EXERCISE DIRECTIONS
From the line containing "this 1376×1536 image." to the final line of the listing, restate each line word for word and add nothing.
━━━━━━━━━━━━━━━━━━━━━━━━━━━━━━
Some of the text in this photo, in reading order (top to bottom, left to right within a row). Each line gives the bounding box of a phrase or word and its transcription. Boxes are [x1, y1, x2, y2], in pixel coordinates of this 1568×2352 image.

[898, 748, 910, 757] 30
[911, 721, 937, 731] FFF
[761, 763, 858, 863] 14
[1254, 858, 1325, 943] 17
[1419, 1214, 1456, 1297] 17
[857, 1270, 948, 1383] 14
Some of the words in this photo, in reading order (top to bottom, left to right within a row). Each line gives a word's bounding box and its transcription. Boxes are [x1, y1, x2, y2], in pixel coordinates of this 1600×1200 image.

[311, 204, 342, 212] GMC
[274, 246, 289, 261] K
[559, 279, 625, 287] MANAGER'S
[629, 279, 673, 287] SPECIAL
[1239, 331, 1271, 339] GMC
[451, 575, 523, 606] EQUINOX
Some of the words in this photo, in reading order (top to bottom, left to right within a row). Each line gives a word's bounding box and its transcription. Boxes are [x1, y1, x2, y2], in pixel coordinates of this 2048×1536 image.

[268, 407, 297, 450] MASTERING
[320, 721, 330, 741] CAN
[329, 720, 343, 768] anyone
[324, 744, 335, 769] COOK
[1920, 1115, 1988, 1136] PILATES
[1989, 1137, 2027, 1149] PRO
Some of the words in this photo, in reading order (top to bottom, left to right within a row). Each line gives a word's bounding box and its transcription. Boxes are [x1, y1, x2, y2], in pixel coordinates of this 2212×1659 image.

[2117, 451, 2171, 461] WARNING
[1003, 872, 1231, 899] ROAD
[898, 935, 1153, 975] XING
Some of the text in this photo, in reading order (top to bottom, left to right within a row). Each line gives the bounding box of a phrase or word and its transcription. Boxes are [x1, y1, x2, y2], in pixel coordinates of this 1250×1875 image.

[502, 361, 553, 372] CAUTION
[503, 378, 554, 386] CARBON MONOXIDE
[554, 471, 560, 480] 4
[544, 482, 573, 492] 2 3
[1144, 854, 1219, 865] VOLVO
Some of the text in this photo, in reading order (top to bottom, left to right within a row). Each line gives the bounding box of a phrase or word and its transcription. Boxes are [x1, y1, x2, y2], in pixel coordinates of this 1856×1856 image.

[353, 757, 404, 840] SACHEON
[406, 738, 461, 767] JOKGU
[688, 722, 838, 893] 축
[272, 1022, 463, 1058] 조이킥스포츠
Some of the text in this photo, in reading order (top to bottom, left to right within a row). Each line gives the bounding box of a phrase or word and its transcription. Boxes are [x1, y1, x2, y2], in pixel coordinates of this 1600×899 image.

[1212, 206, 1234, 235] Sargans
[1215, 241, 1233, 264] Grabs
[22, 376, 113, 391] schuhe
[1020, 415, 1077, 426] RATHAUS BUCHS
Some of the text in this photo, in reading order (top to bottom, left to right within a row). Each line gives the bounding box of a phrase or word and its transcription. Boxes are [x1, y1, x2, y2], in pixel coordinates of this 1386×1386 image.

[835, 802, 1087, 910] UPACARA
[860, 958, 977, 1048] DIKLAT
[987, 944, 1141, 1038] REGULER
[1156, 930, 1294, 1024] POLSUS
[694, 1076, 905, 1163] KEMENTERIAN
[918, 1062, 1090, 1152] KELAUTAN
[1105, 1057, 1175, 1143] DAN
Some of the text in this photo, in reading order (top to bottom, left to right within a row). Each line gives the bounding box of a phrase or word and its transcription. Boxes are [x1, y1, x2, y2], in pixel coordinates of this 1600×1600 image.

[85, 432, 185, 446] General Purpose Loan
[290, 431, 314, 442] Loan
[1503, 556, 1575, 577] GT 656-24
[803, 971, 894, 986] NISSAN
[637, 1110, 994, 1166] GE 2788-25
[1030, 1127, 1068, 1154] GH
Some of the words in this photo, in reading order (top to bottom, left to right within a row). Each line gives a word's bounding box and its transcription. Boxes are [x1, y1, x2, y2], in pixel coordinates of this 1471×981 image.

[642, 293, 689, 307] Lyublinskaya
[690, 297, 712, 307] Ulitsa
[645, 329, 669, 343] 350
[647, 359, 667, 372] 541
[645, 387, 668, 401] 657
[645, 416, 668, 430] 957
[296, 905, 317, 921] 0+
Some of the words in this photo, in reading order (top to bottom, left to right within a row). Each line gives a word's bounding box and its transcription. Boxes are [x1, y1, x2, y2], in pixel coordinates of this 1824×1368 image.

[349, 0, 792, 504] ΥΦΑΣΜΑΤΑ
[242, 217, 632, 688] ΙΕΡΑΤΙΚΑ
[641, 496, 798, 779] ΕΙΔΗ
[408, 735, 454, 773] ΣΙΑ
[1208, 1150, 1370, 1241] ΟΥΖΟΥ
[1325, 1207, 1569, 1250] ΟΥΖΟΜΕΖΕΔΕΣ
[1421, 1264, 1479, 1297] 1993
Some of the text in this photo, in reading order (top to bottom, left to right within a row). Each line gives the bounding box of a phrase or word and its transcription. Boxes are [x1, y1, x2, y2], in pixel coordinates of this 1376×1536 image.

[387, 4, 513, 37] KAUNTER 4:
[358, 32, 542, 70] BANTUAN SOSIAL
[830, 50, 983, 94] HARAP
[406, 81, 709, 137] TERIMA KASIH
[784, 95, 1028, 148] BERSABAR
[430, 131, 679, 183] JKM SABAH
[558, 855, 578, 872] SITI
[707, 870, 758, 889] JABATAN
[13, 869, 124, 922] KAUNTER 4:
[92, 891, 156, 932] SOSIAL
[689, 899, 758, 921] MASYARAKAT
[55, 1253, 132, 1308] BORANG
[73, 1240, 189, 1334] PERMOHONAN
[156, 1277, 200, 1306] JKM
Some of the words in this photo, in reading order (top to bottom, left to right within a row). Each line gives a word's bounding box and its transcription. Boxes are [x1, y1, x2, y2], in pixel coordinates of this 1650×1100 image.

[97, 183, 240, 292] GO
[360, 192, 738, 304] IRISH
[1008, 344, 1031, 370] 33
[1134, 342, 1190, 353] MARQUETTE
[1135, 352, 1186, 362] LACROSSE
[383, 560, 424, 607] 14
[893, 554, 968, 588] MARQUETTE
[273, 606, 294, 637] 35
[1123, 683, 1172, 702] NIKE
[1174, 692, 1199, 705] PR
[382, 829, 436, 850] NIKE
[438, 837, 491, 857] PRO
━━━━━━━━━━━━━━━━━━━━━━━━━━━━━━
EXPECTED ANSWER
Some of the text in this photo, in reading order (top to bottom, left to right within a row). Each line gives the bounding box of a phrase or word and its transcription. Boxes are [x1, y1, x2, y2], in pixel coordinates of this 1376×1536 image.

[387, 4, 513, 37] KAUNTER 4:
[358, 32, 542, 70] BANTUAN SOSIAL
[830, 50, 983, 94] HARAP
[406, 81, 709, 137] TERIMA KASIH
[784, 95, 1028, 148] BERSABAR
[430, 131, 679, 183] JKM SABAH
[558, 855, 578, 872] SITI
[707, 870, 758, 889] JABATAN
[13, 869, 124, 922] KAUNTER 4:
[92, 891, 156, 932] SOSIAL
[689, 899, 758, 921] MASYARAKAT
[55, 1253, 132, 1308] BORANG
[73, 1240, 189, 1334] PERMOHONAN
[156, 1277, 200, 1306] JKM
Some of the words in this photo, in reading order (top to bottom, left to right within a row). Each line gives a word's bounding box and its transcription. Boxes are [x1, y1, x2, y2], in pixel coordinates of this 1650×1100 image.

[97, 183, 240, 292] GO
[360, 192, 738, 304] IRISH
[1008, 344, 1031, 370] 33
[1134, 342, 1190, 353] MARQUETTE
[1135, 352, 1186, 362] LACROSSE
[383, 560, 424, 607] 14
[893, 554, 968, 588] MARQUETTE
[273, 606, 294, 637] 35
[1123, 683, 1172, 702] NIKE
[1174, 692, 1199, 705] PR
[382, 829, 436, 850] NIKE
[438, 837, 491, 857] PRO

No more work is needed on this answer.